Extract each line of the material that follows exactly and omit its pictures.

___ THE RECORDS

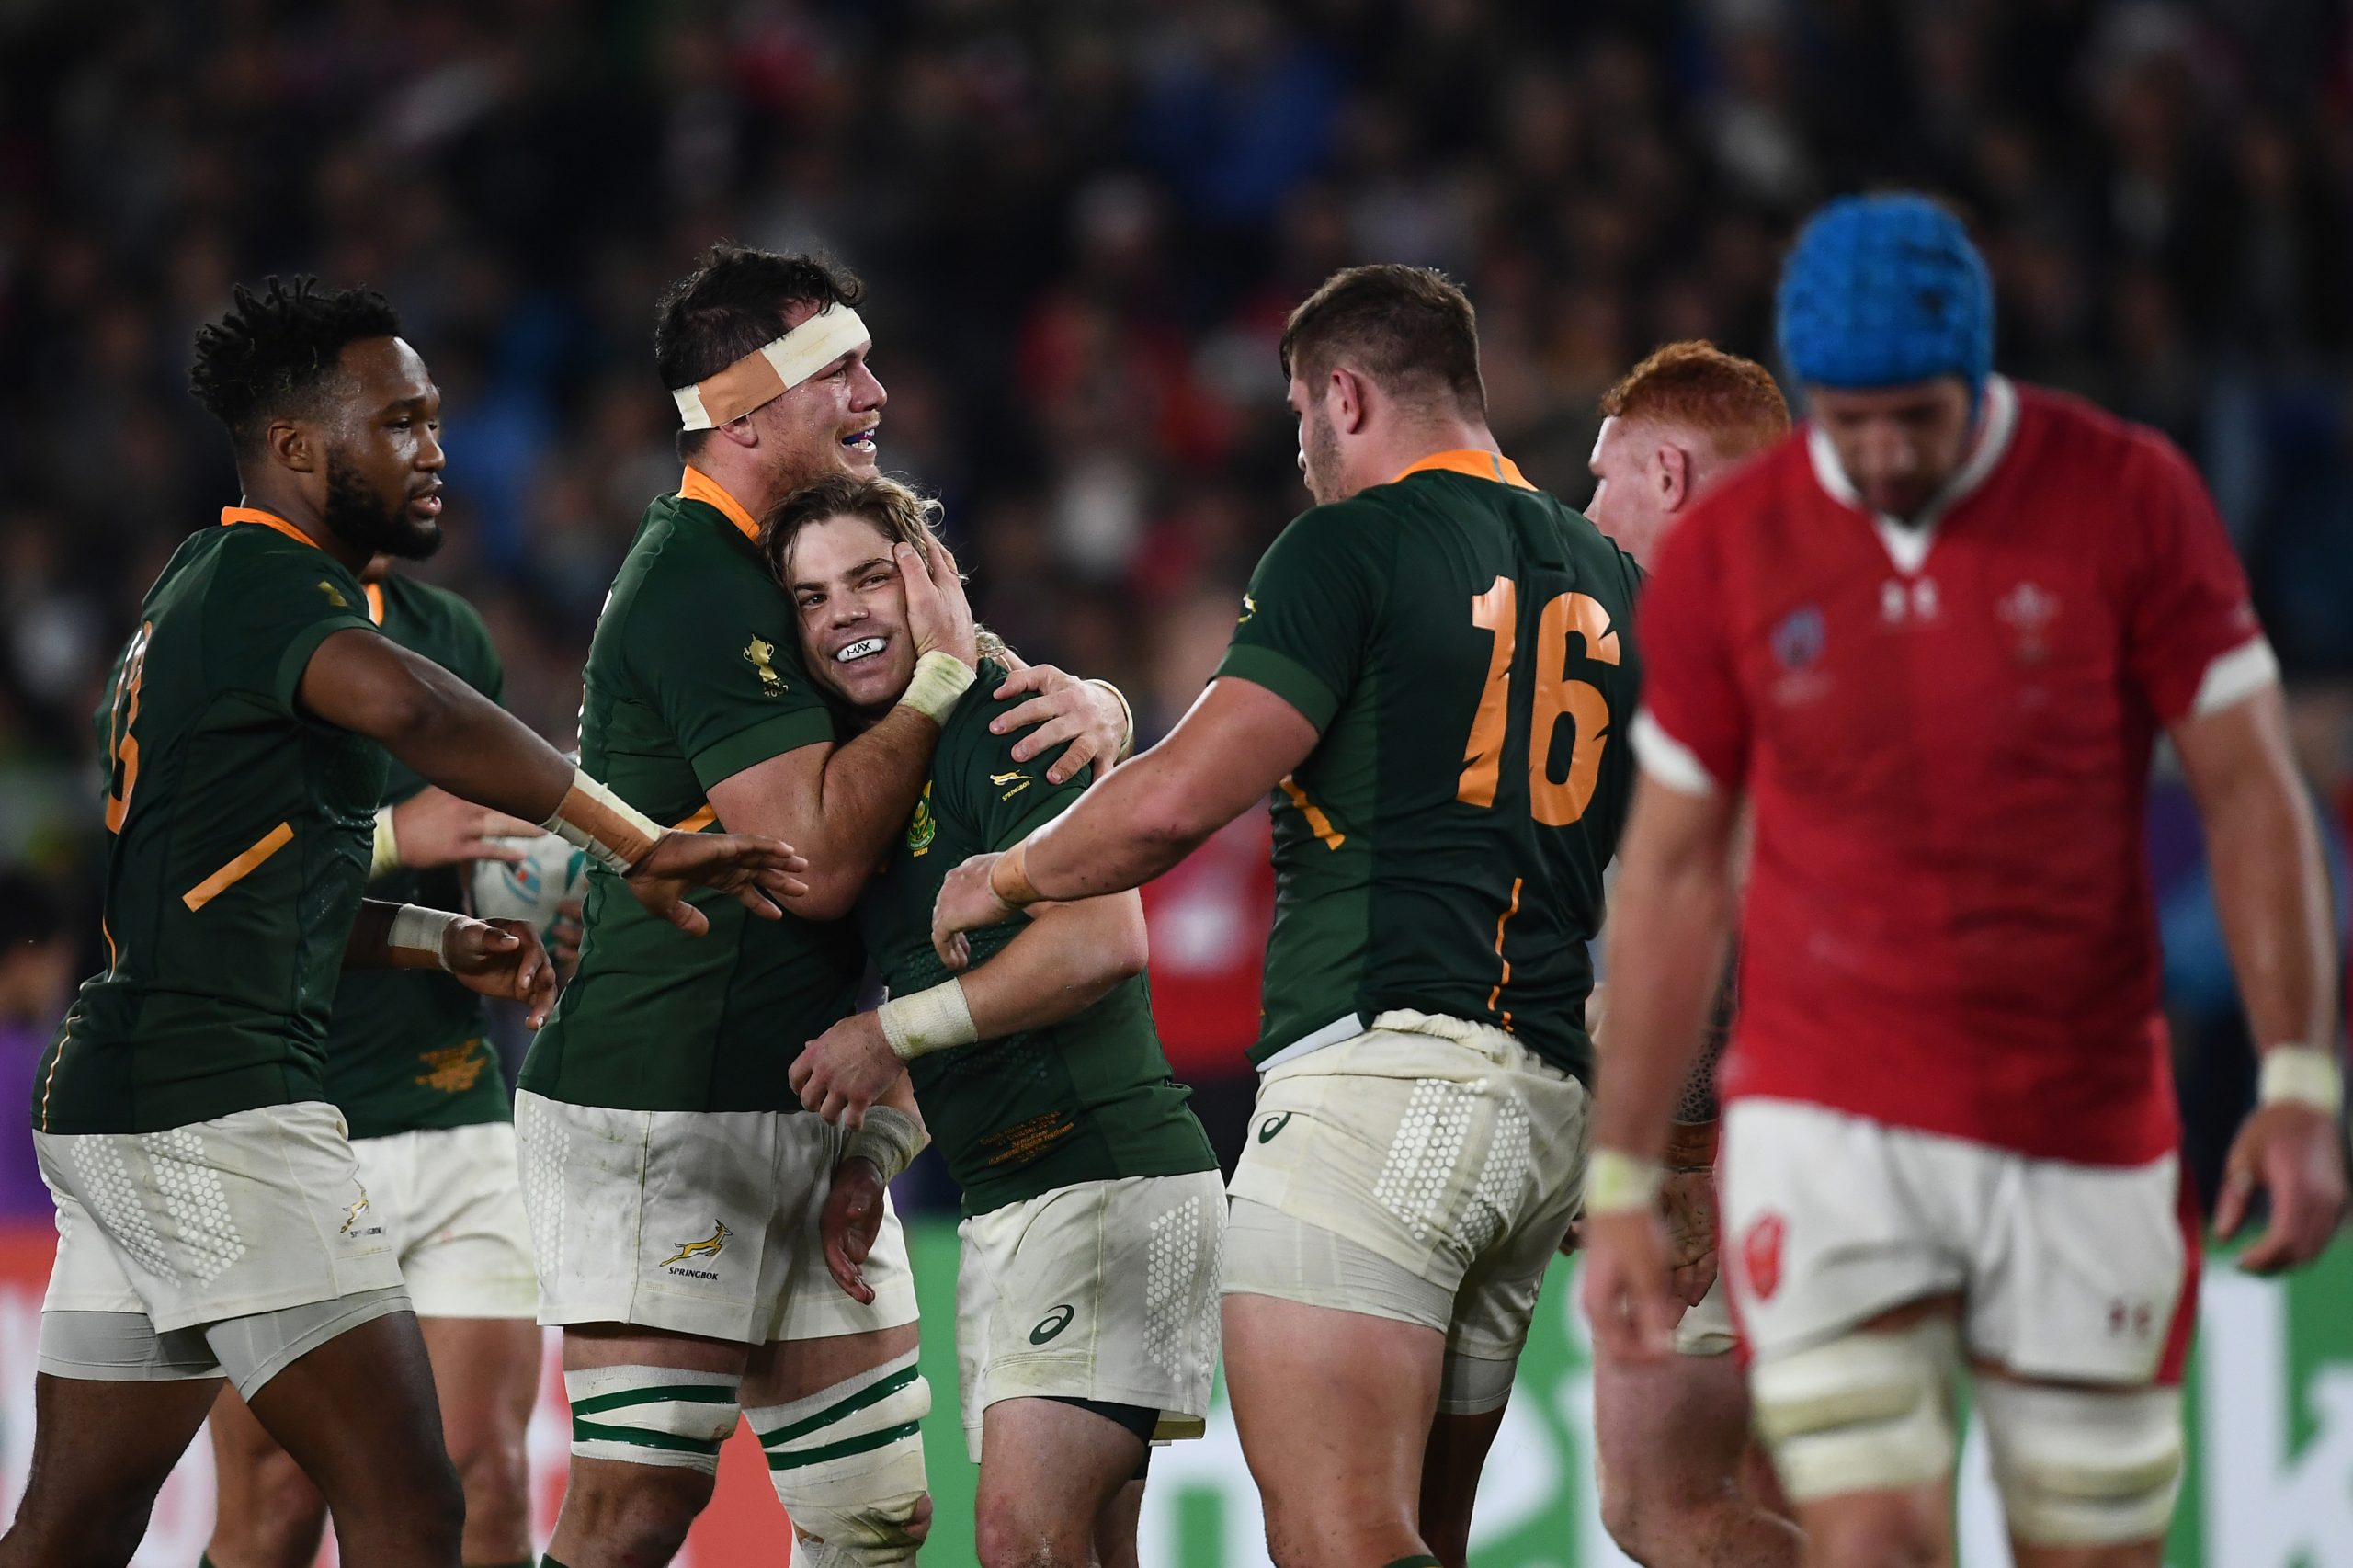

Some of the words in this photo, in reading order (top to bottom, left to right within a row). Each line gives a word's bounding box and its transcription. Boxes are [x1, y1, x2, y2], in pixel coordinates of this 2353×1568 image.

[846, 641, 871, 657] MAX
[1456, 574, 1620, 826] 16
[1002, 780, 1030, 801] SPRINGBOK
[668, 1267, 719, 1280] SPRINGBOK
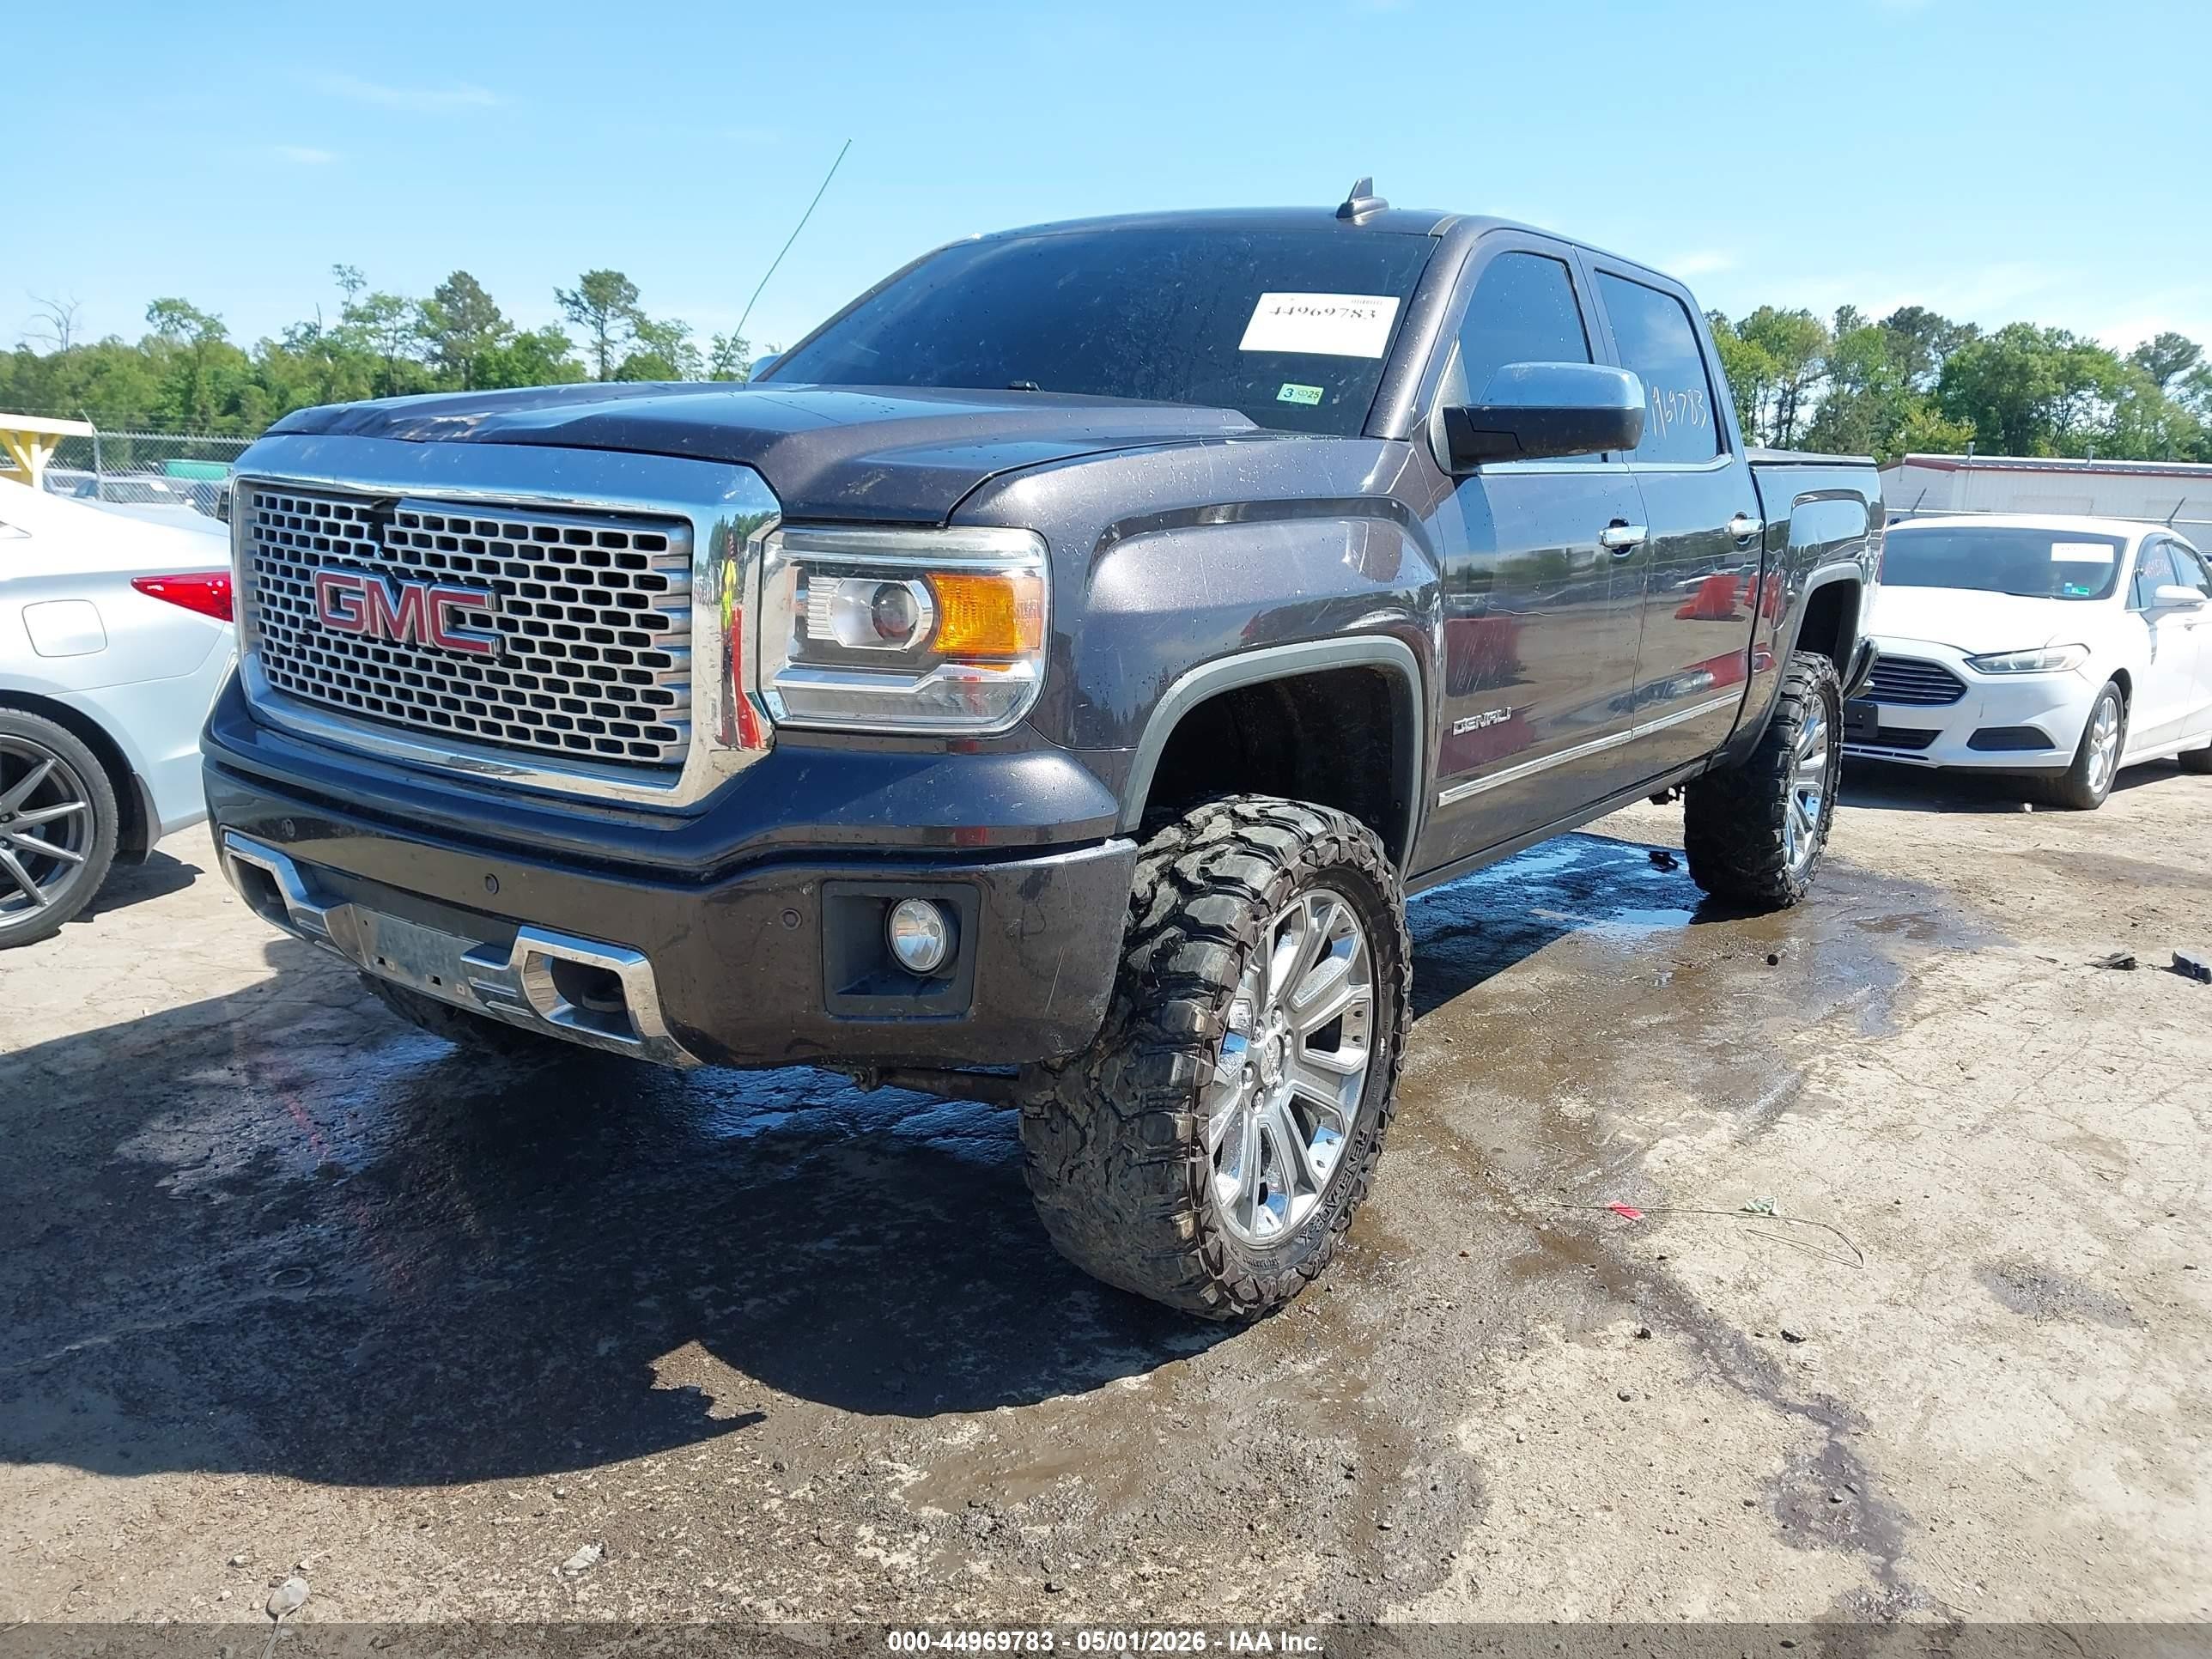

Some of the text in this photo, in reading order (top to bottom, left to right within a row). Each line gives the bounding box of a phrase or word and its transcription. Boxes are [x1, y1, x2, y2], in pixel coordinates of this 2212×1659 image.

[1269, 307, 1376, 319] 44969783
[1284, 388, 1321, 399] 3 25
[315, 565, 501, 659] GMC
[1453, 707, 1511, 736] DENALI

______

→ **REPLY TO THE EXERCISE**
Some of the words in this photo, in reading order (top to bottom, left to right within a row). Each line gives a word's bounding box and its transcription. Boxes are [x1, y1, x2, y2], in pixel coordinates of this 2353×1568 image.

[846, 641, 871, 657] MAX
[1456, 574, 1620, 826] 16
[1002, 780, 1030, 801] SPRINGBOK
[668, 1267, 719, 1280] SPRINGBOK

Some of the text in this photo, in reading order (top to bottom, left to right within a row). Each line gives the bounding box of a phrase or word and its transcription. Boxes are [x1, y1, x2, y2], in pixel coordinates of this 2212×1659 image.

[1269, 307, 1376, 319] 44969783
[1284, 388, 1321, 399] 3 25
[315, 565, 501, 659] GMC
[1453, 707, 1511, 736] DENALI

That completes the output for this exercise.